Em entrevista à revista Eco Pós, em 2017, Carelli disse que "(...) eu sempre digo que trabalhar com índio é aprender a sofrer derrotas. Eu, que tenho dificuldades pessoais em sofrer derrotas, tive que aprender isso: a cada derrota, dar a volta por cima e voltar à carga, não é? Então, é isso: eu entro no CEDI, onde tivemos que constituir um grande banco de dados. A realidade indígena era algo completamente obscuro. Nem governo, nem Estado brasileiro tinham informações organizadas; havia lugares, na Amazônia profunda, que nem sequer os órgãos indigenistas tinham chegado. Eu ajudei a propor essa grande rede de informação, que era uma rede supra “fé”, supra profissional, supra partidária, supra tudo. Apelava aos missionários, intelectuais, pesquisadores e jornalistas, enfim, para constituir esse grande banco de informações minimamente confiáveis, para que se pudesse pensar inclusive políticas indigenistas.
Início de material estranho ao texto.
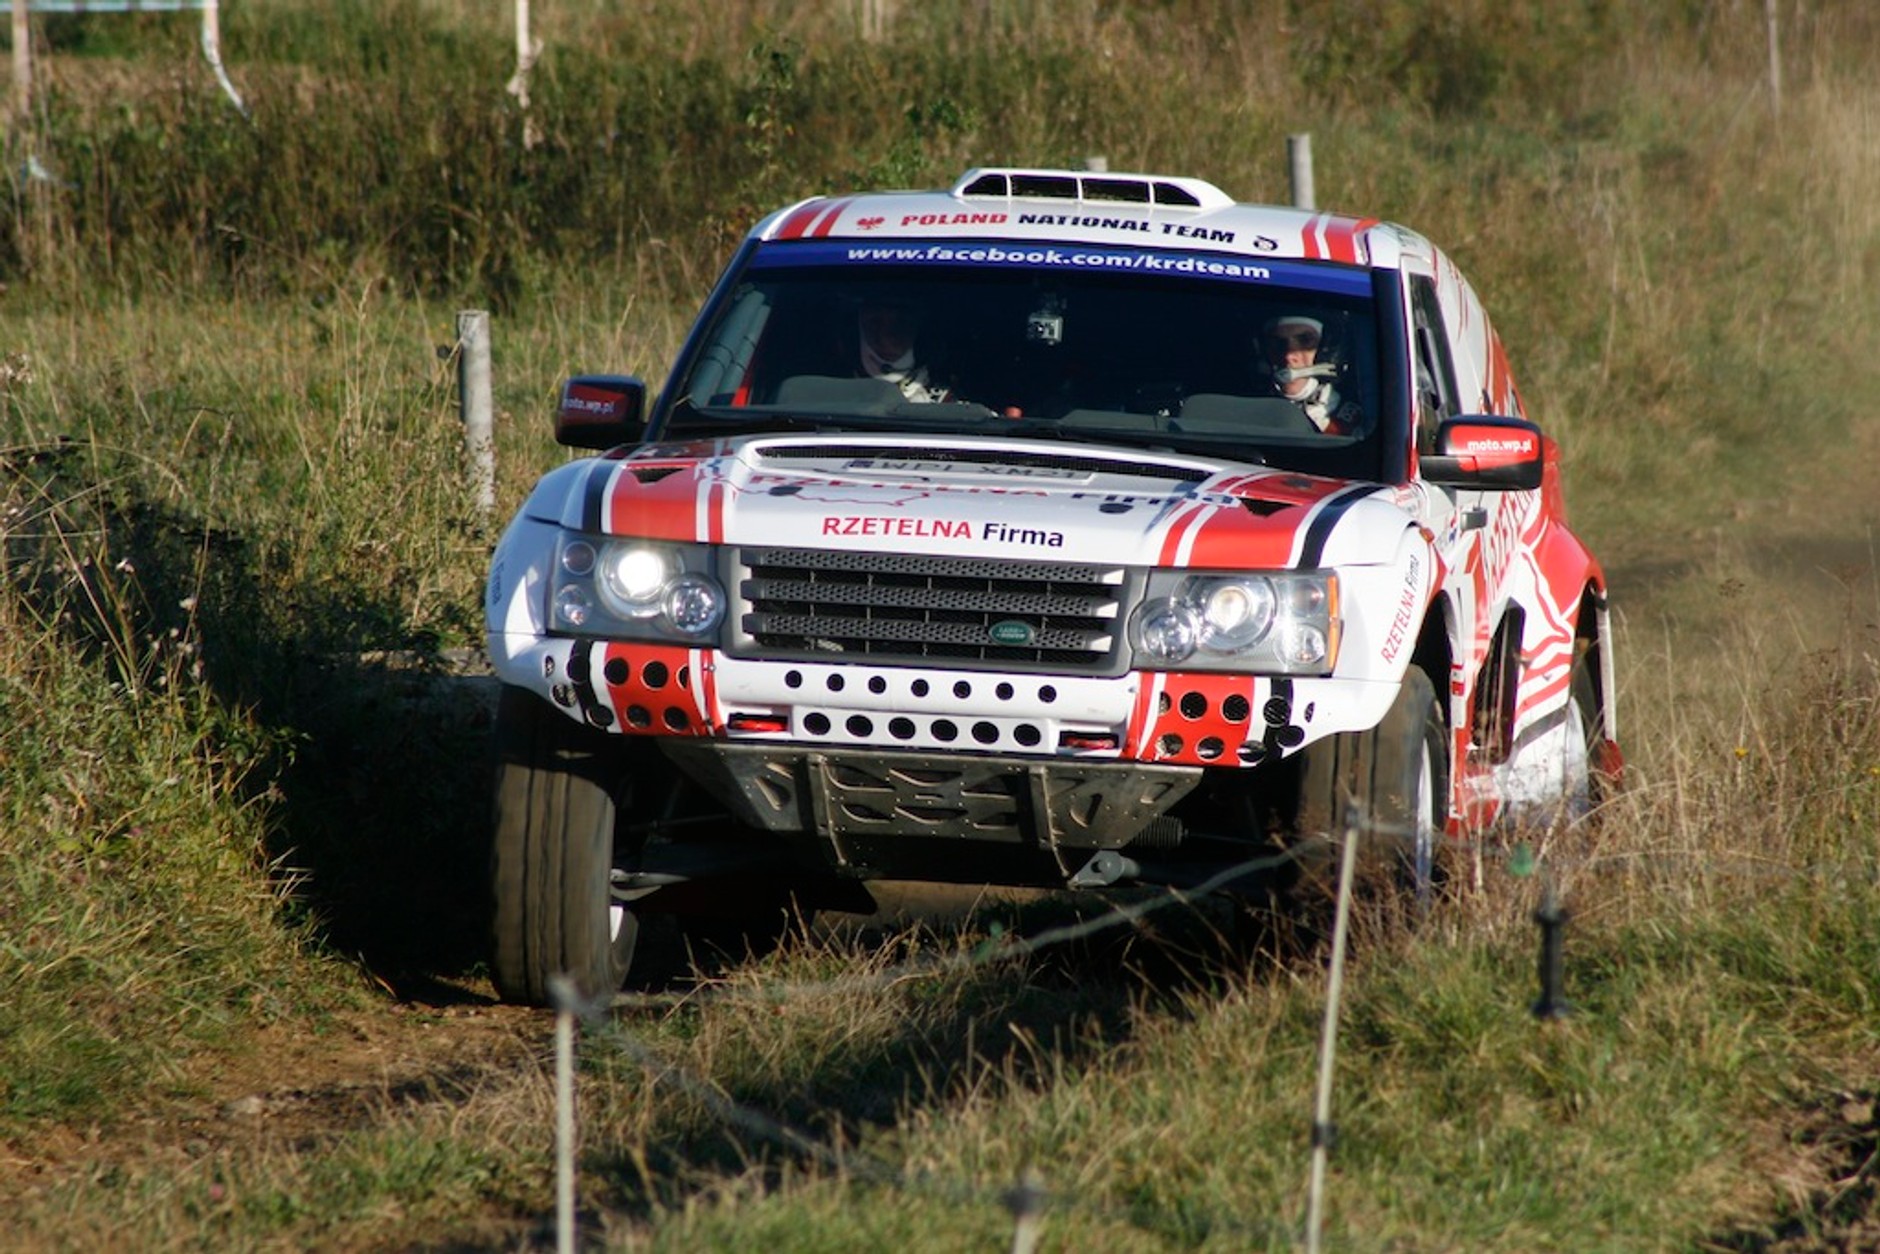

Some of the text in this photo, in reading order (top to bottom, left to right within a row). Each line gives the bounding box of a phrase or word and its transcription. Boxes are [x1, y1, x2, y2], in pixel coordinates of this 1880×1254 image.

Algo que resultou na ampla enciclopédia do Instituto Socioambiental.
"Além de ajudar a criar essa rede (para a qual cada um vinha com seu capital de relações), eu constituí um arquivo fotográfico: corri todos os acervos de museus, de imprensa, os arquivos pessoais... encontrei uma quantidade enorme de fotografias, registros esparramados em gavetas e armários, escondidos em museus. Descobri, então, a importância de resgatar esses registros e esses acervos: a coleção fotográfica de [Curt] Nimuendajú, o registro monumental da Comissão Rondon... todas essas preciosidades. Tudo isso, que para as novas gerações tem uma importância muito grande, tudo isso tinha que voltar aos índios, porque era deles, afinal. Era parte de um processo de expropriação e precisava ser devolvido. Então, por ter feito uma opção radical na vida, por ter abandonado tudo (cidade, casa, família) e ter partido para morar com os índios, eu passei a enxergar o mundo de uma outra perspectiva. Eu via as pessoas irem para as aldeias fazer seus trabalhos e percebia ser sempre um movimento de mão única. Raramente retornavam às aldeias os produtos e os registros destes trabalhos. Então, eu sentia isso da perspectiva da aldeia e todo o meu movimento seria o de, justamente, inverter essa direção. Quer dizer, as coisas tinham que voltar. Para esses povos, que sofrem transformações e perdas de conhecimento muito rápidas e intensas, essas referências históricas são fundamentais."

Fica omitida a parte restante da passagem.